By purchasing a common unit, a common unitholder will be bound by the provisions in our Partnership Agreement, including the provisions discussed above.
 

The Board of Directors of our general partner, our general partner and its affiliates have conflicts of interest and limited fiduciary duties, which may permit them to favor their own interests.

ONEOK owned 100 percent of our general partner interest and a 45.1 percent aggregate equity interest in us as of December 31, 2009.  As a result of our February 2010 public offering of common units, ONEOK and its subsidiaries own a 42.8 percent aggregate equity interest in us.  Our Partnership Agreement limits any fiduciary duties owed by our general partner and ONEOK to those duties that are specifically stated in our Partnership Agreement.  Although ONEOK, through the Board of Directors of our general partner, has an obligation to manage us in a manner that is in, or not inconsistent with, our best interests, the Board of Directors of ONEOK has a fiduciary duty to manage our general partner in a manner beneficial to ONEOK.  Six of the 10 members of the Board of Directors of our general partner are either members of ONEOK’s Board of Directors or executive management of ONEOK.  Three independent members and one management member of the Board of Directors of our general partner are also members of ONEOK’s Board of Directors, with the management member being the only management member of ONEOK’s Board of Directors.  Conflicts of interest may arise between ONEOK and its other affiliates and between us and our unitholders.  In resolving these conflicts, our general partner may determine that the transaction is “fair and reasonable” to us, without the agreement of any other party, including the Audit Committee.  In that regard, our general partner may favor its own interests and the interests of its other affiliates over the interests of our unitholders, as long as it does not take action that conflicts with our Partnership Agreement.  These conflicts include, among others, the following situations:
·  
our general partner, which is owned by ONEOK, and the Board of Directors of our general partner are allowed to take into account the interests of parties other than us in resolving conflicts of interest, which has the effect of limiting their fiduciary duties to our unitholders;
·  
our Partnership Agreement limits the liability and reduces the fiduciary duties of the members of the Board of Directors of our general partner and also restricts the remedies available to our unitholders for actions that, without the limitations, might constitute breaches of fiduciary duty;
·  
the Board of Directors of our general partner determines the amount and timing of our cash reserves, asset purchases and sales, capital expenditures, borrowings and issuances of additional partnership securities, each of which can affect the amount of cash that is distributed to our unitholders;
·  
the Board of Directors of our general partner approves the amount and timing of any capital expenditures and determines whether they are maintenance capital expenditures or growth capital expenditures, which can affect the amount of cash that is distributed to our unitholders;
·  
the Board of Directors of our general partner may cause us to borrow funds in order to permit the payment of cash distributions, even if the purpose or effect of the borrowing is to make incentive distributions;
·  
Our Partnership Agreement provides that costs incurred by the Board of Directors, our general partner and its affiliates in the conduct of our business are reimbursable by us;
·  
our Partnership Agreement does not restrict the members of the Board of Directors of our general partner from causing us to pay the Board of Directors, our general partner or its affiliates for any services rendered to us or entering into additional contractual arrangements with any of these entities on our behalf;
·  
our general partner may exercise its limited right to call and purchase common units, which right may be assigned or transferred to, among others, us or affiliates of the general partner, if the general partner and its affiliates own 80 percent or more of the common units; and
·  
the Board of Directors and Audit and Conflicts Committees of our general partner decide whether to retain separate counsel, accountants or others to perform services for us.

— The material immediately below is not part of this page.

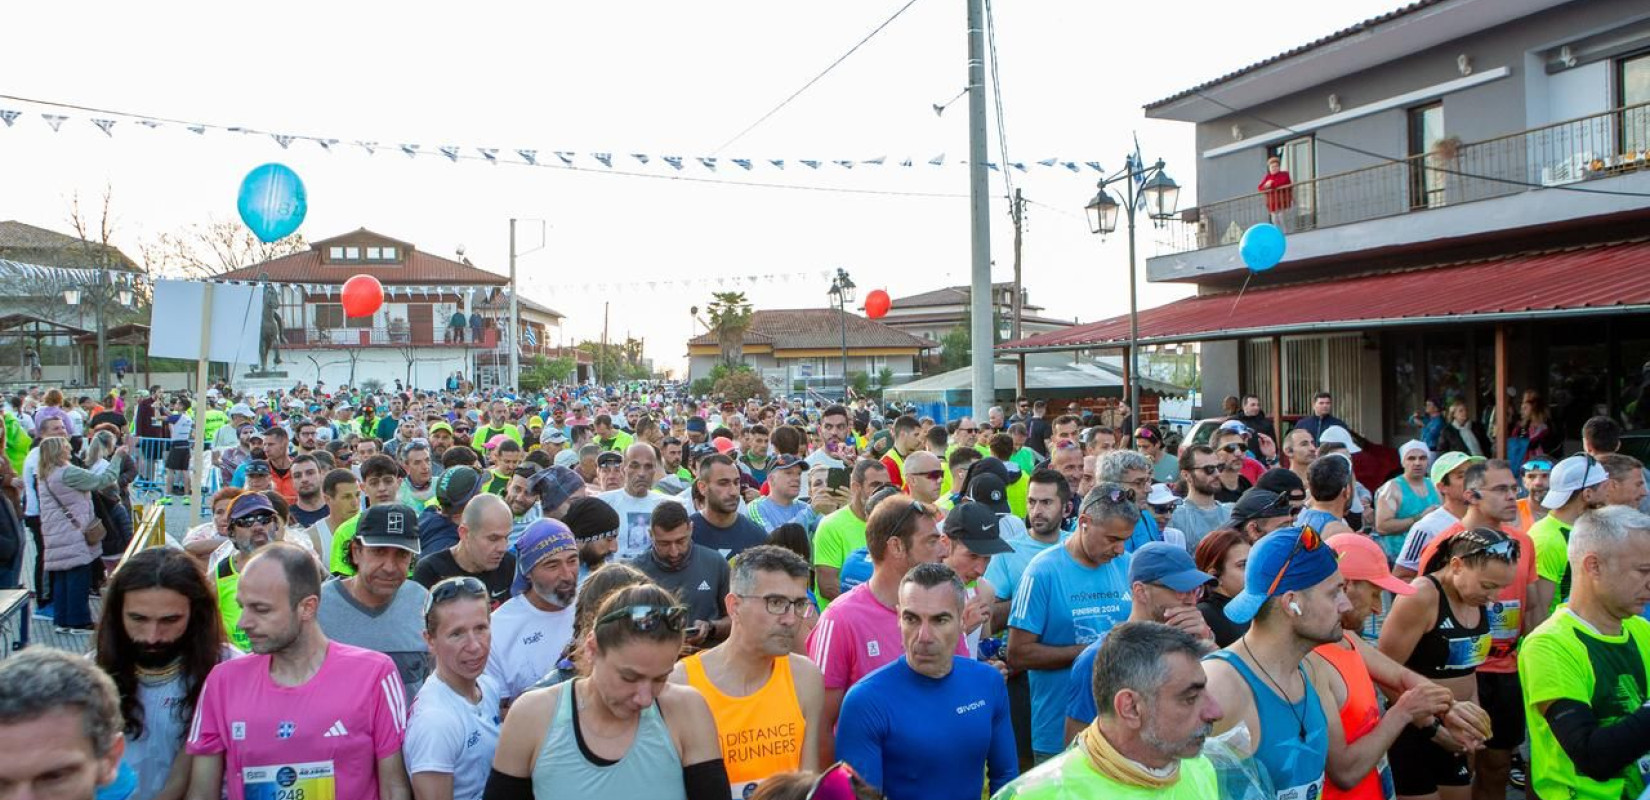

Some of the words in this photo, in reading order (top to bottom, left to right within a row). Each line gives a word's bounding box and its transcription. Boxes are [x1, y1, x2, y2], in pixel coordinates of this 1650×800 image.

[726, 722, 796, 747] DISTANCE
[727, 738, 796, 763] RUNNERS
[271, 788, 305, 800] 1248

Our general partner and its affiliates may compete directly with us and have no obligation to present business opportunities to us.

ONEOK and its affiliates are not prohibited from owning assets or engaging in businesses that compete directly or indirectly with us.  ONEOK may acquire, construct or dispose of additional midstream or other assets in the future without any obligation to offer us the opportunity to purchase or construct any of those assets.  In addition, under our Partnership Agreement, the doctrine of corporate opportunity, or any analogous doctrine, will not apply to ONEOK and its affiliates.  As a result, neither ONEOK nor any of its affiliates has any obligation to present business opportunities to us.

The control of our general partner may be transferred to a third party without unitholder consent.

Our general partner may transfer all, or any part of, its general partner interest to a third party without the consent of the unitholders.  The members, shareholders or unitholders, as the case may be, of our new general partner may then be in a position to replace all or a portion of the directors of our general partner with their own choices and to possibly control the decisions made by the Board of Directors of our general partner.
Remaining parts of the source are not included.